Com isso mudou também a soberania. Não é surpresa: como capacidade de (individual e coletivamente) decidirmos o nosso destino, a soberania muda de cada vez que mudam as ferramentas ao nosso dispor. A soberania do tempo das carroças não é a soberania do tempo das centrais nucleares. No tempo das carroças poderíamos viver bem com uma soberania compartimentada; no tempo das centrais nucleares é difícil entender como poderá a soberania não ser partilhada.
Na base jurídica dos tratados europeus estão então assentes uma série de diretivas (só no nosso século são pelo menos seis) que regulam questões ambientais, de segurança e de fiscalização mútua na área nuclear. Nós não podemos impedir a Espanha de construir centrais. Mas a Espanha não pode fazê-las de qualquer maneira, nem pode esquivar-se a uma fiscalização na qual Portugal pode (e deve) participar de forma independente. Ainda é difícil saber quão longe pode Portugal levar a sua queixa: mas, para já, a Comissão tem três meses para responder e, mesmo em caso de uma resposta insatisfatória, Portugal pode seguir sozinho para tribunal.

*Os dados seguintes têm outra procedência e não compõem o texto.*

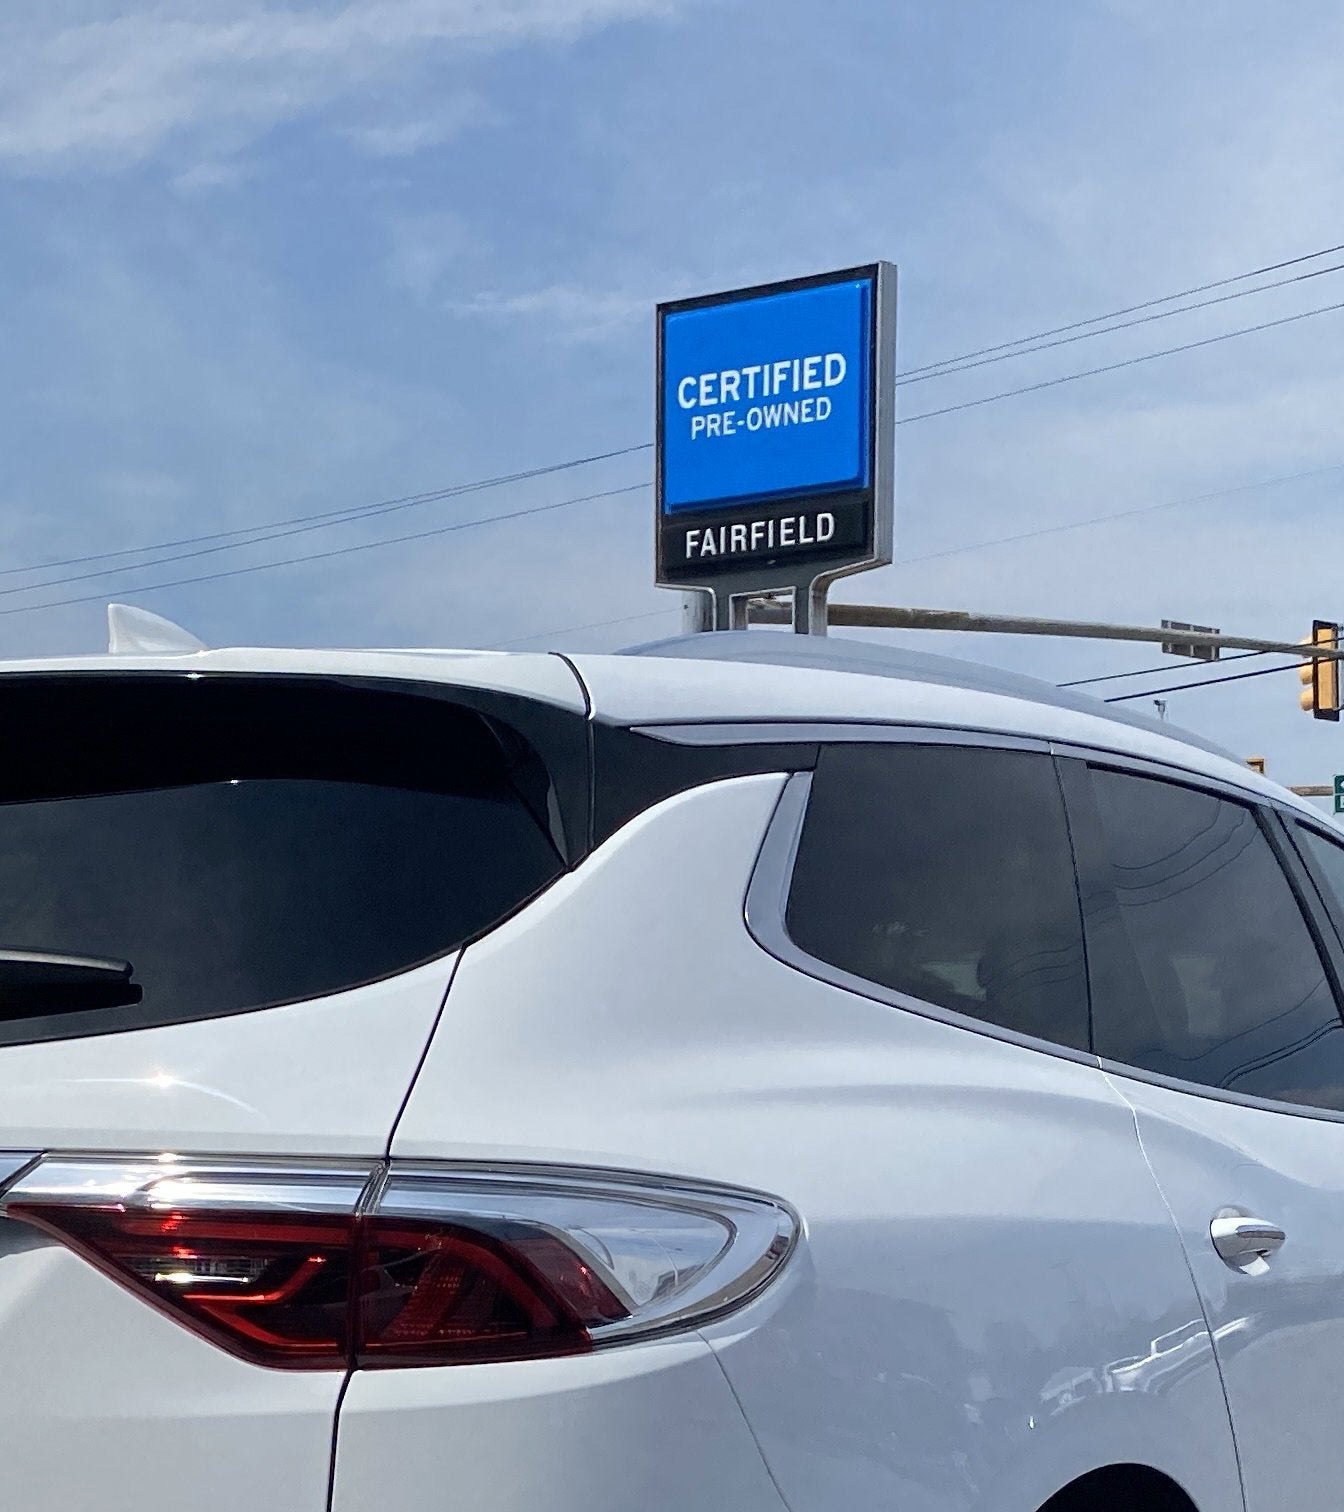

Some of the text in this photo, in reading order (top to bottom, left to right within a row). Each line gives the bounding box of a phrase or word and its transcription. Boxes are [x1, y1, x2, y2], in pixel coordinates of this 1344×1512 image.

[677, 352, 848, 409] CERTIFIED
[691, 396, 832, 440] PRE-OWNED
[685, 512, 835, 559] FAIRFIELD

E aqui chegamos ao ponto clarificador para o debate sobre soberania. Há quem duvide da eficácia destes instrumentos e os critique por serem demasiado lentos. É um bom argumento, excelente mesmo — para os defensores da soberania partilhada que a UE permite. Mas não para quem defenda uma versão tradicional (eu diria retrógrada) da soberania: não se pode defender nos dias pares uma noção compartimentada da soberania contra a UE, e anos ímpares criticar a UE por não ser suficientemente veloz e eficaz a violar a soberania espanhola.
É preciso optar. Mas escolher a soberania das carroças no tempo das centrais nucleares só funcionará a desfavor dos países que — como Portugal — decidiram não ter centrais nucleares.